Content starts
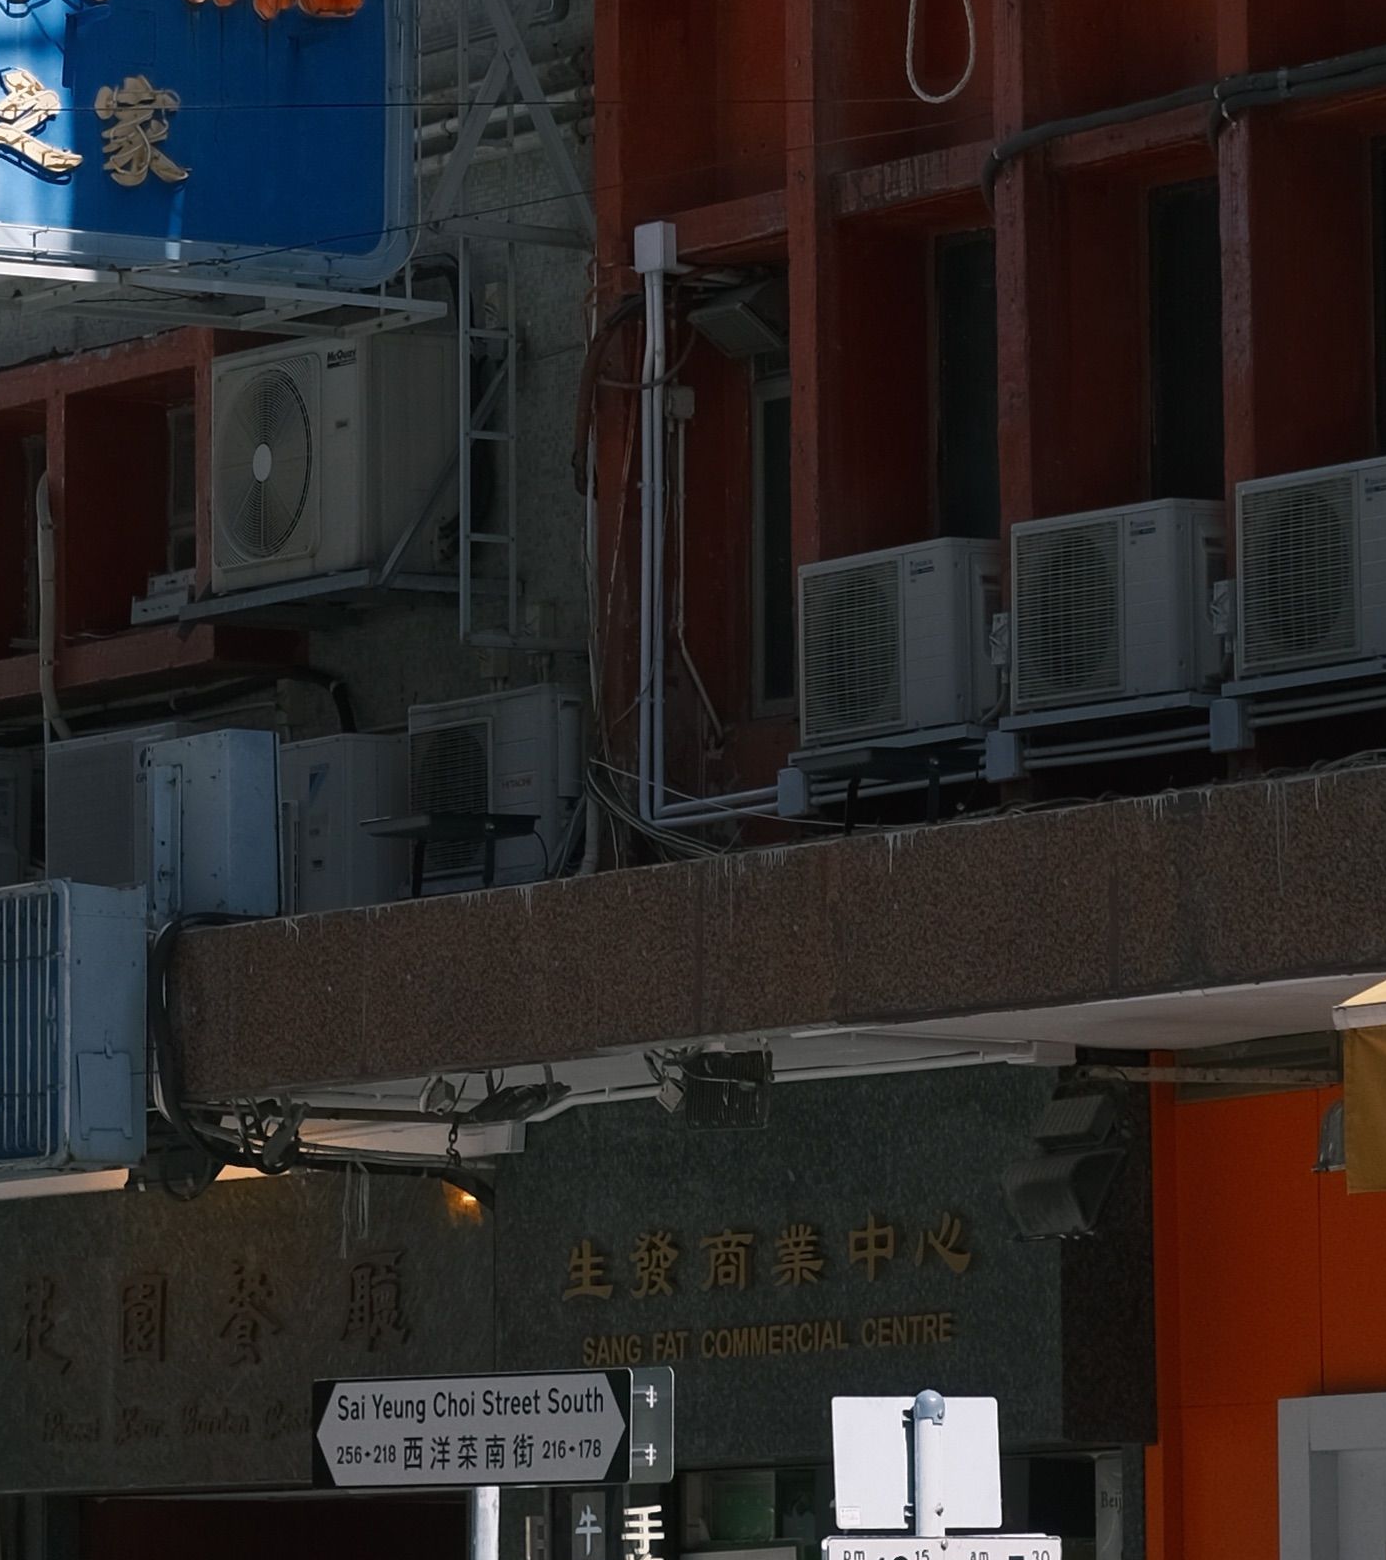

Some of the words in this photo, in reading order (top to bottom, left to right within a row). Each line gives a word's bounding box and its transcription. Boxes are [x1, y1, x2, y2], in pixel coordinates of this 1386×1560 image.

[562, 1209, 972, 1303] 生發商業中心
[582, 1333, 642, 1367] SANG
[652, 1331, 689, 1362] FAT
[700, 1320, 849, 1360] COMMERCIAL
[861, 1311, 954, 1349] CENTRE
[337, 1394, 366, 1421] Sai
[371, 1393, 426, 1423] Yeung
[433, 1391, 476, 1418] Choi
[482, 1389, 541, 1416] Street
[548, 1387, 605, 1414] South
[403, 1434, 534, 1471] 西洋菜南街
Content ends
> What you need to do:
Exclude the pictures. Write out the remaining data exactly.

> Answer area:
Some of the words in this photo, in reading order (top to bottom, left to right within a row). Each line gives a word's bounding box and its transcription. Boxes are [x1, y1, x2, y2], in pixel coordinates of this 1386×1560 image.

[562, 1209, 972, 1303] 生發商業中心
[582, 1333, 642, 1367] SANG
[652, 1331, 689, 1362] FAT
[700, 1320, 849, 1360] COMMERCIAL
[861, 1311, 954, 1349] CENTRE
[337, 1394, 366, 1421] Sai
[371, 1393, 426, 1423] Yeung
[433, 1391, 476, 1418] Choi
[482, 1389, 541, 1416] Street
[548, 1387, 605, 1414] South
[403, 1434, 534, 1471] 西洋菜南街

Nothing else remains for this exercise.